Mumtaz Bhutto's arrest

THE arrest of Sindh National Front Chairman Mumtaz Bhutto was bound to make his party workers' hackles rise, and they blocked roads, burnt tyres and shouted slogans against the government. Since he is a heart patient, he was shifted to a hospital after he had been taken from his ancestral home in Larkana to Karachi. But if the office of a Sindhi-language newspaper, which is reported to have refused to publish his article on the occasion of the first death anniversary of Ms Benazir Bhutto, was really attacked, as official sources allege, at his instance, it is indeed a condemnable act that violates the principle of the freedom of press. However, the authorities' version that SNF workers ransacked the paper's office, took the editor and some others hostage and hurled threats, was denied by him, and he said that a few workers had staged a peaceful protest at the publication of some insulting material.

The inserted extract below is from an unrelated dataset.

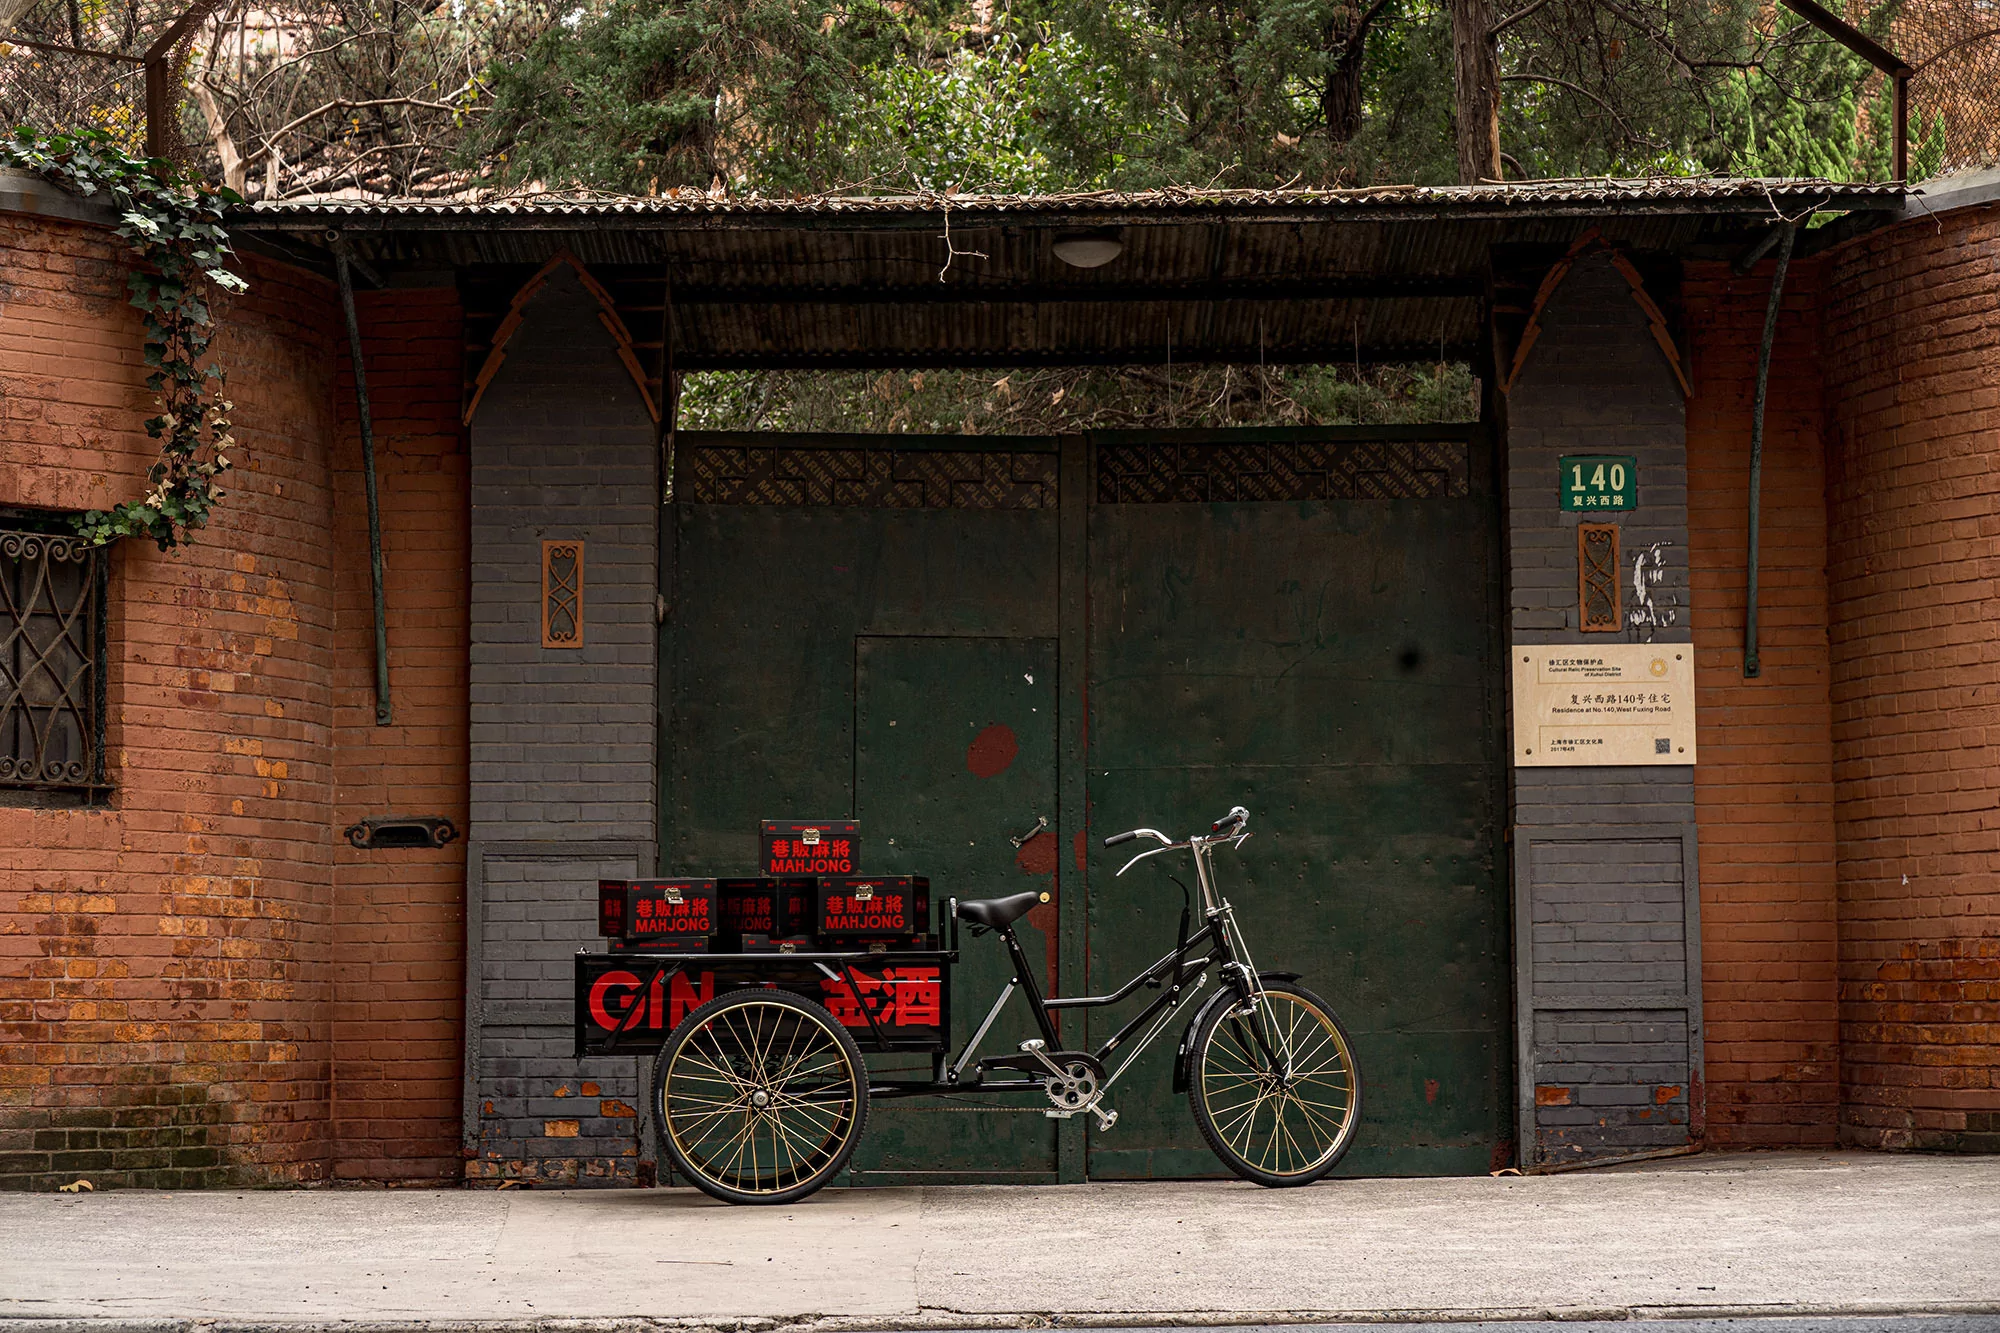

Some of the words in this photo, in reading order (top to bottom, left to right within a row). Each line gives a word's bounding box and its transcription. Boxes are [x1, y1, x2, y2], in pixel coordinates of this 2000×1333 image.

There is urgent need for an impartial inquiry into the circumstances of his arrest to dispel the general misgivings about the official story. That would be the best way to counter his accusation that he has become a target of political victimisation. He told a private TV channel that he would continue to fearlessly expose the real murderers of Ms Bhutto, and maintained that they were the same who had killed her brother, Mir Murtaza Bhutto. Much against the general expectations, the official machinery, that has been operating under a PPP-led government since last April, has adopted an obviously slow pace in pursuing her case. One hopes that the culprits would be identified, with or without the help of the UN, and brought to book.